Transcribe all the entries word for word, skipping the pictures.

++++++++++++++++++++

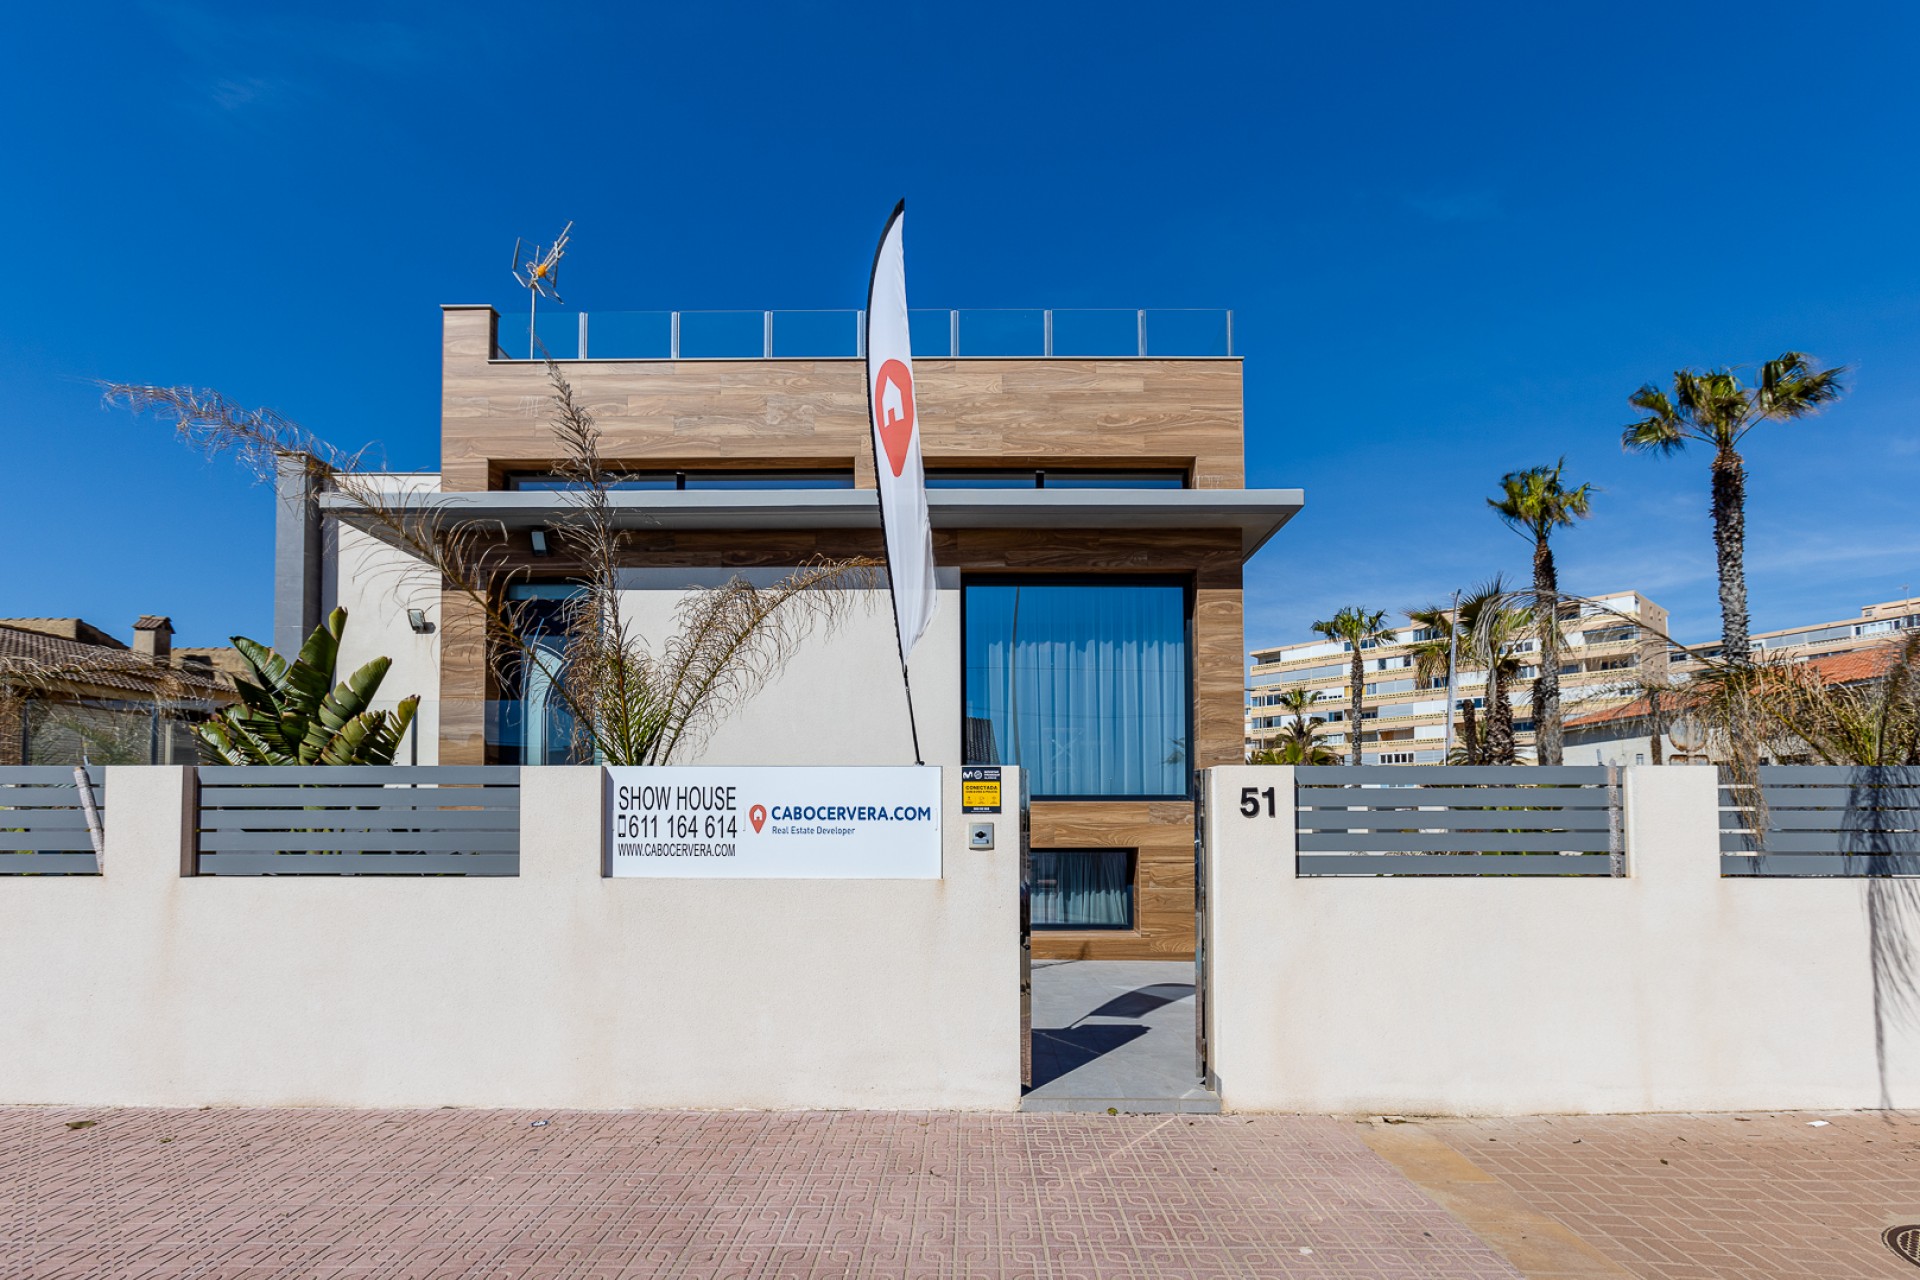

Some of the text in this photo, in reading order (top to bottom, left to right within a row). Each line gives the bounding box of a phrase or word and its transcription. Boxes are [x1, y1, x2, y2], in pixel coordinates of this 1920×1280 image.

[618, 785, 737, 811] SHOW HOUSE
[1240, 786, 1276, 819] 51
[771, 805, 931, 821] CABOCERVERA.COM
[628, 814, 737, 838] 611 164 614
[772, 826, 855, 837] Real Estate Developer
[618, 843, 736, 857] WWW.CABOCERVERA.COM
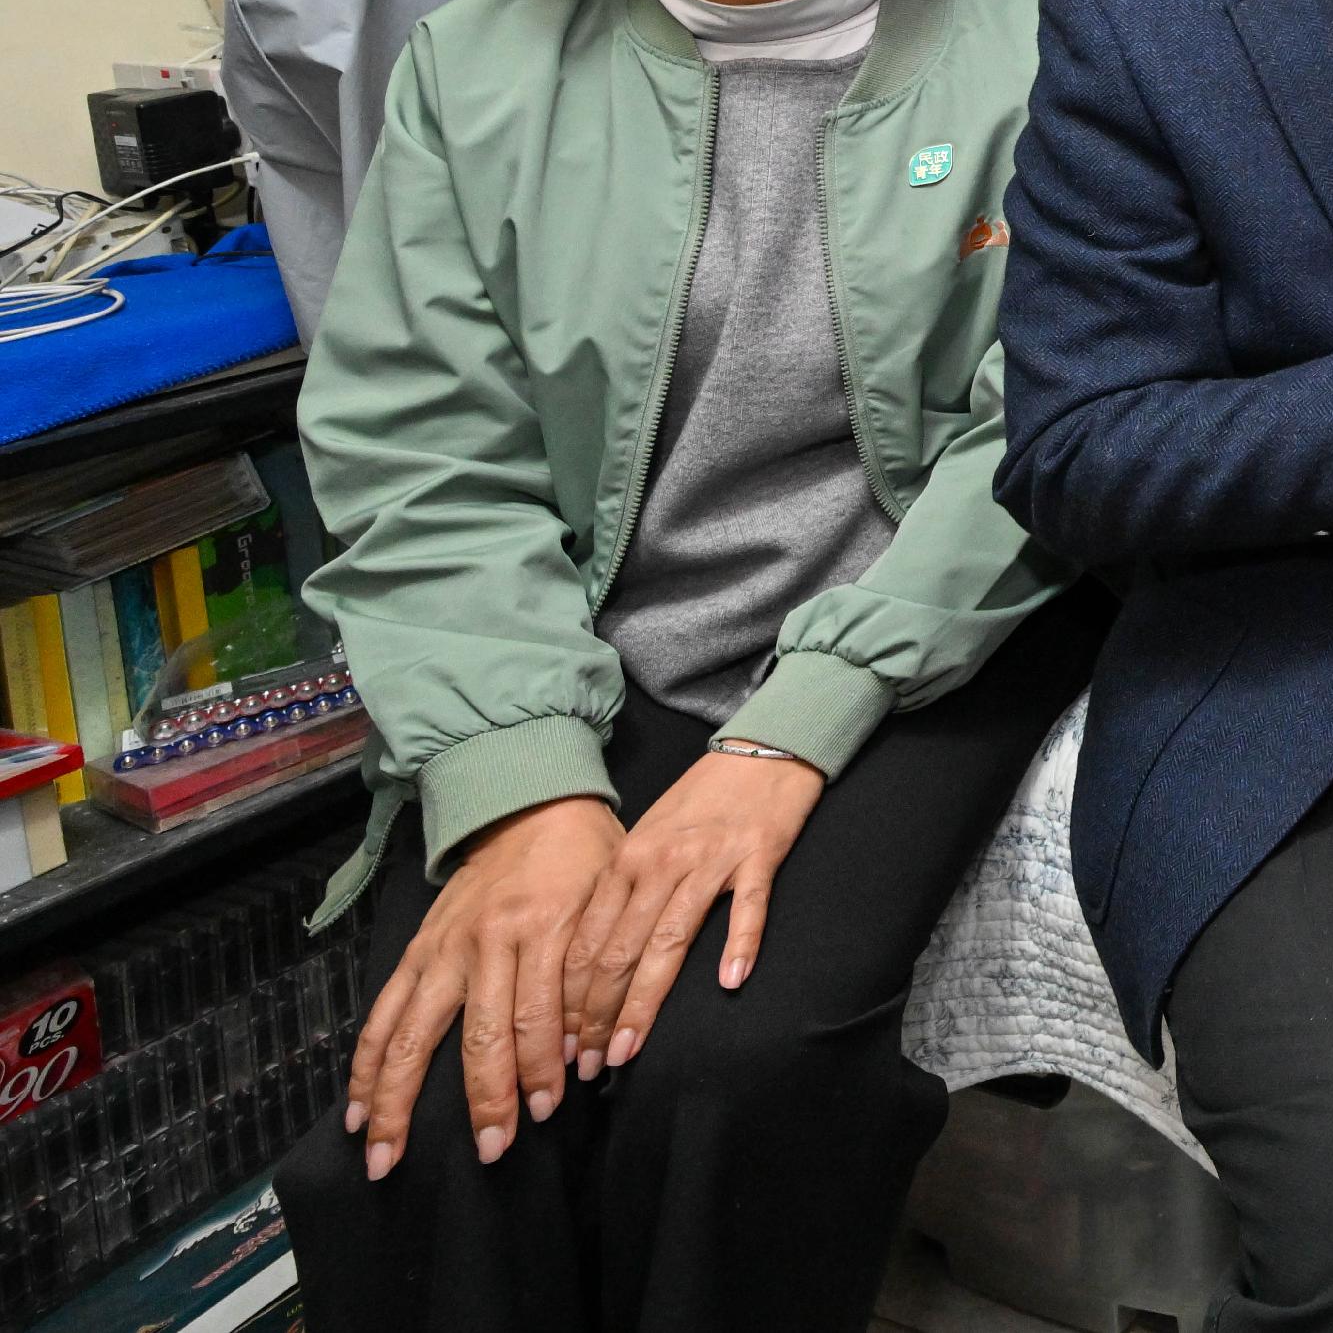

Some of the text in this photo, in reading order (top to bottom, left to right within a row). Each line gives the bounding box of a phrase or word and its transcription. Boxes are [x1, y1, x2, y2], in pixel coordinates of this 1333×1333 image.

[919, 150, 949, 165] 民政
[914, 163, 943, 180] 青年
[32, 1000, 78, 1043] 10
[28, 1029, 65, 1055] PCS.
[0, 1045, 79, 1121] 90
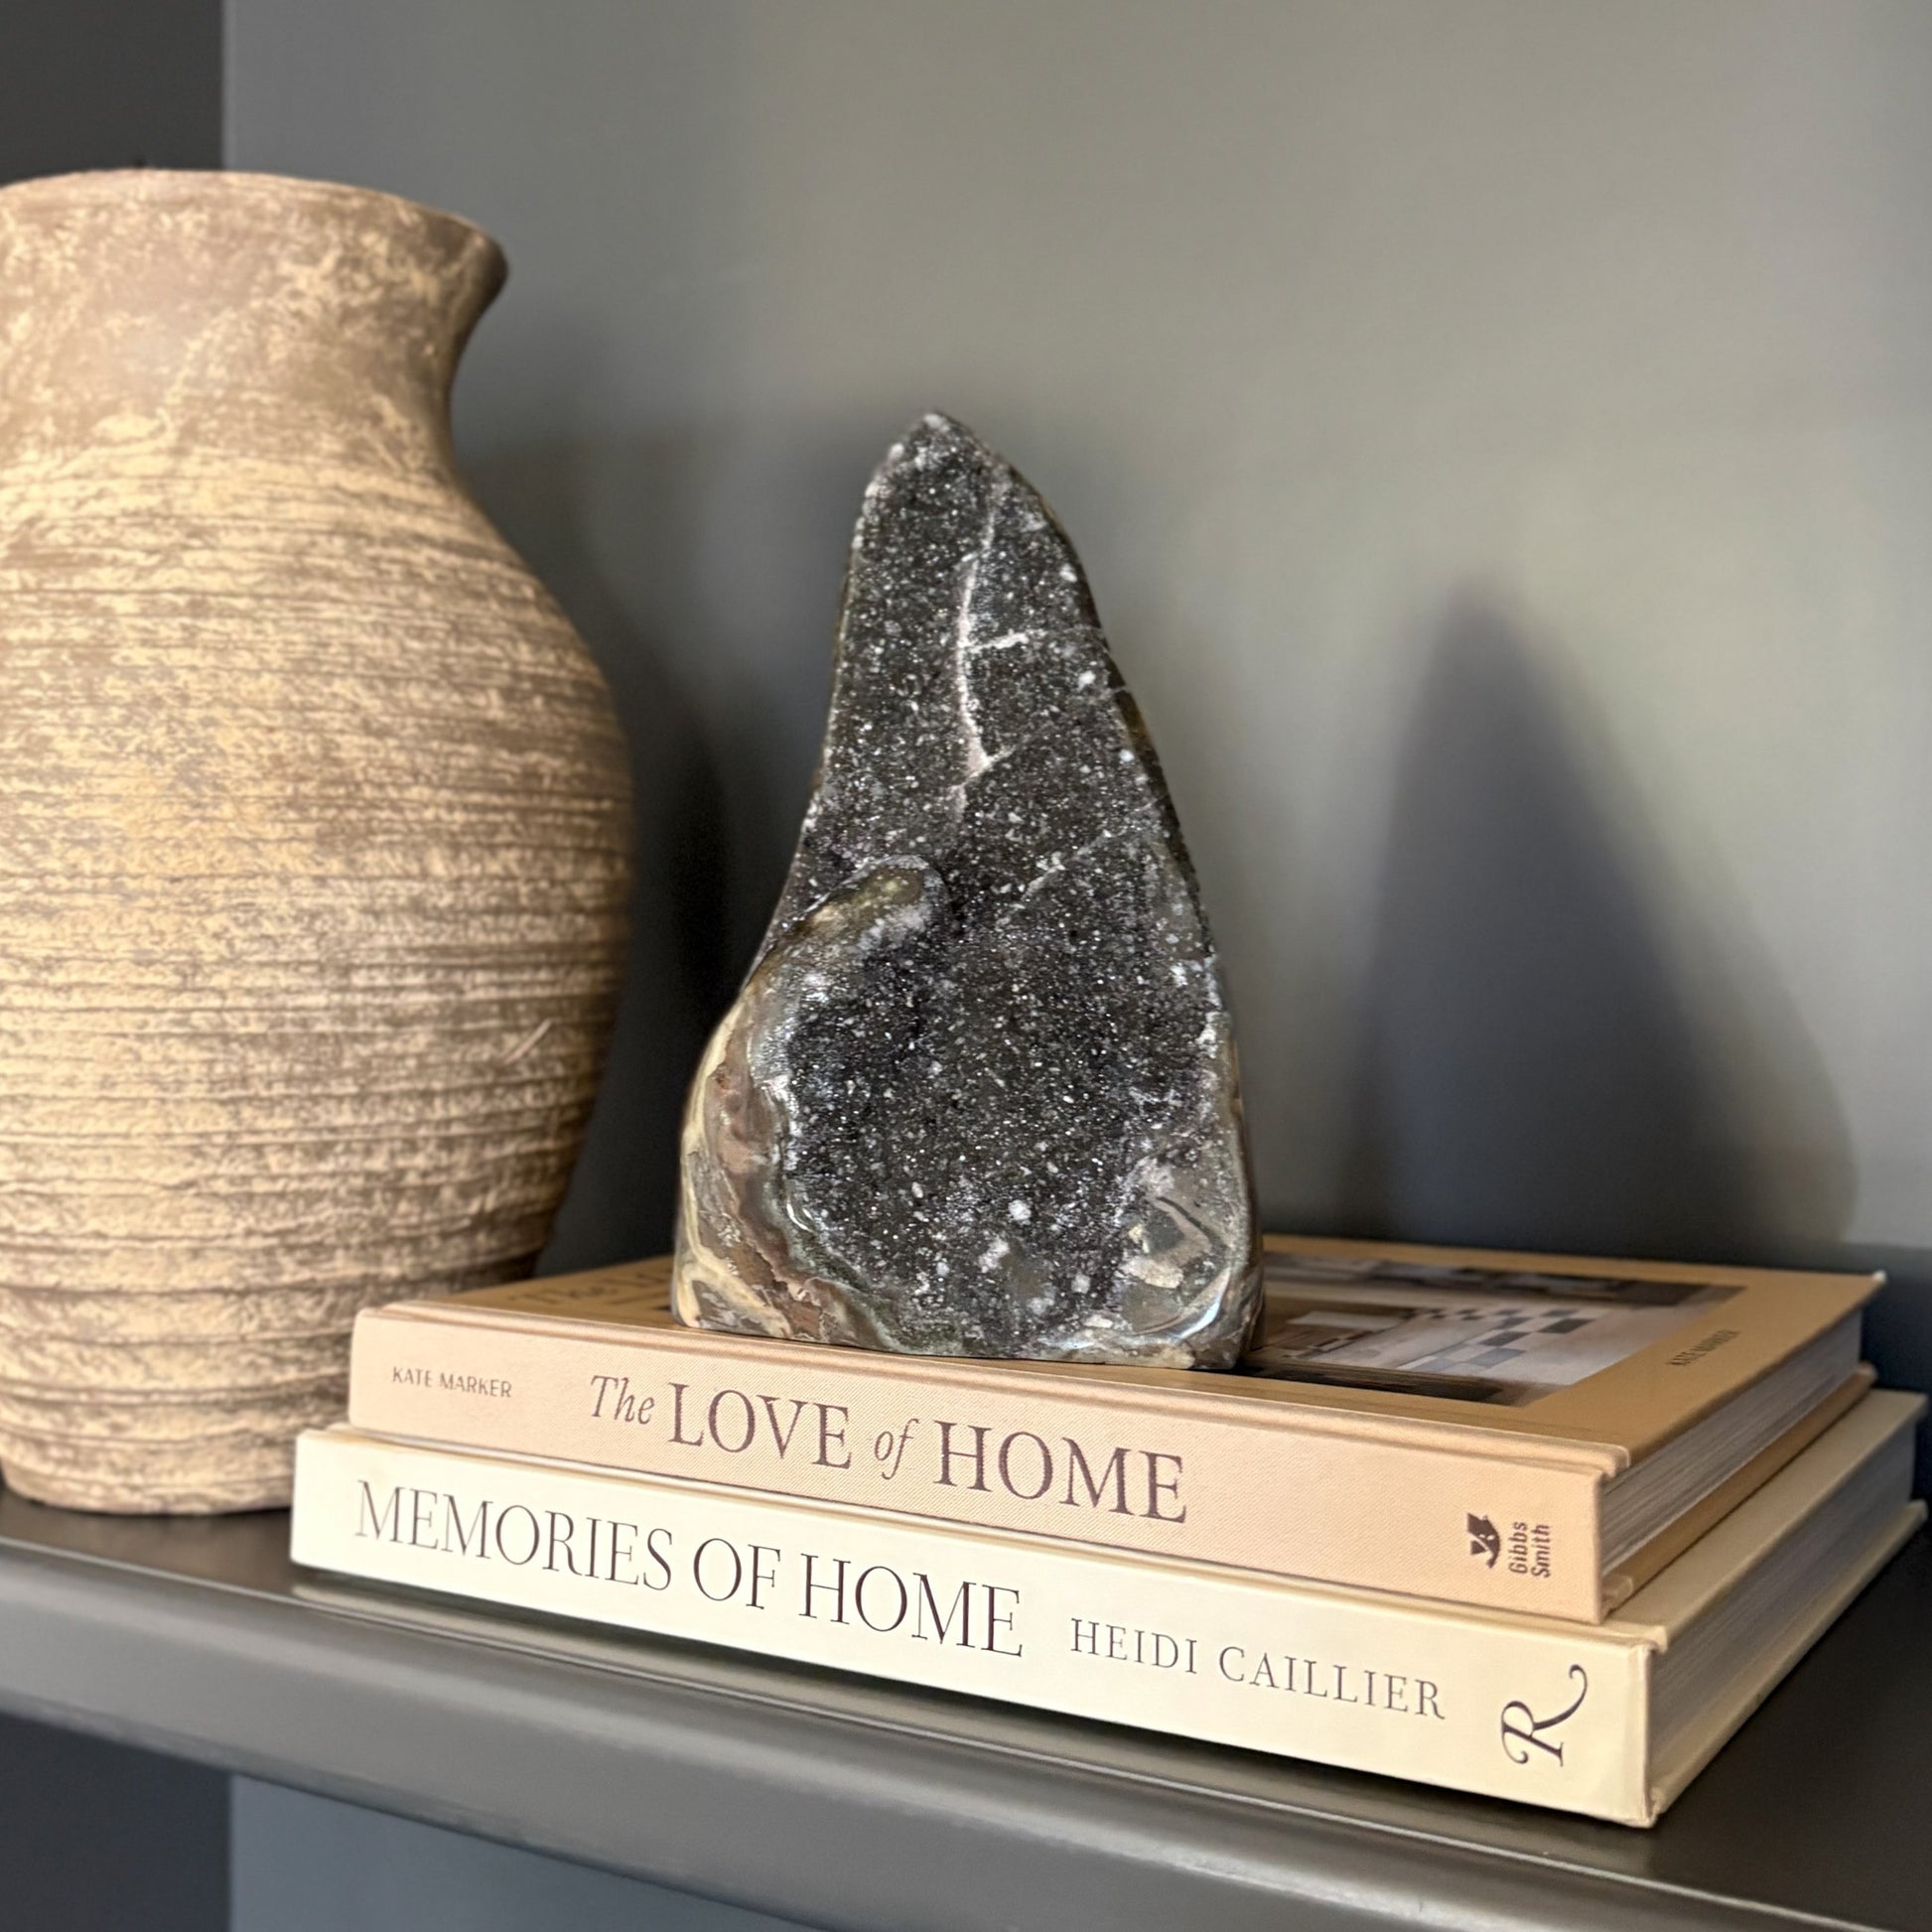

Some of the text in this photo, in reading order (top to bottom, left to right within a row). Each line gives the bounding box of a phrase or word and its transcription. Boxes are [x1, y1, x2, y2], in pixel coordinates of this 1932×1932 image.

[392, 1366, 512, 1399] KATE MARKER
[591, 1375, 1187, 1524] The LOVE of HOME
[354, 1480, 1023, 1658] MEMORIES OF HOME
[1508, 1521, 1528, 1574] Gibbs
[1530, 1524, 1551, 1578] Smith
[1070, 1617, 1446, 1720] HEIDI CAILLIER
[1500, 1663, 1587, 1767] R

++++++++++++++++++++

> _Reply_:
Some of the text in this photo, in reading order (top to bottom, left to right within a row). Each line gives the bounding box of a phrase or word and its transcription. Boxes are [x1, y1, x2, y2], in pixel coordinates of this 1920×1280 image.

[618, 785, 737, 811] SHOW HOUSE
[1240, 786, 1276, 819] 51
[771, 805, 931, 821] CABOCERVERA.COM
[628, 814, 737, 838] 611 164 614
[772, 826, 855, 837] Real Estate Developer
[618, 843, 736, 857] WWW.CABOCERVERA.COM

Some of the text in this photo, in reading order (top to bottom, left to right within a row). Each line gives the bounding box of a phrase or word and its transcription. Boxes are [x1, y1, x2, y2], in pixel coordinates of this 1333×1333 image.

[919, 150, 949, 165] 民政
[914, 163, 943, 180] 青年
[32, 1000, 78, 1043] 10
[28, 1029, 65, 1055] PCS.
[0, 1045, 79, 1121] 90

Some of the text in this photo, in reading order (top to bottom, left to right within a row). Each line gives the bounding box of a phrase or word and its transcription. Boxes are [x1, y1, x2, y2], in pixel coordinates of this 1932×1932 image.

[392, 1366, 512, 1399] KATE MARKER
[591, 1375, 1187, 1524] The LOVE of HOME
[354, 1480, 1023, 1658] MEMORIES OF HOME
[1508, 1521, 1528, 1574] Gibbs
[1530, 1524, 1551, 1578] Smith
[1070, 1617, 1446, 1720] HEIDI CAILLIER
[1500, 1663, 1587, 1767] R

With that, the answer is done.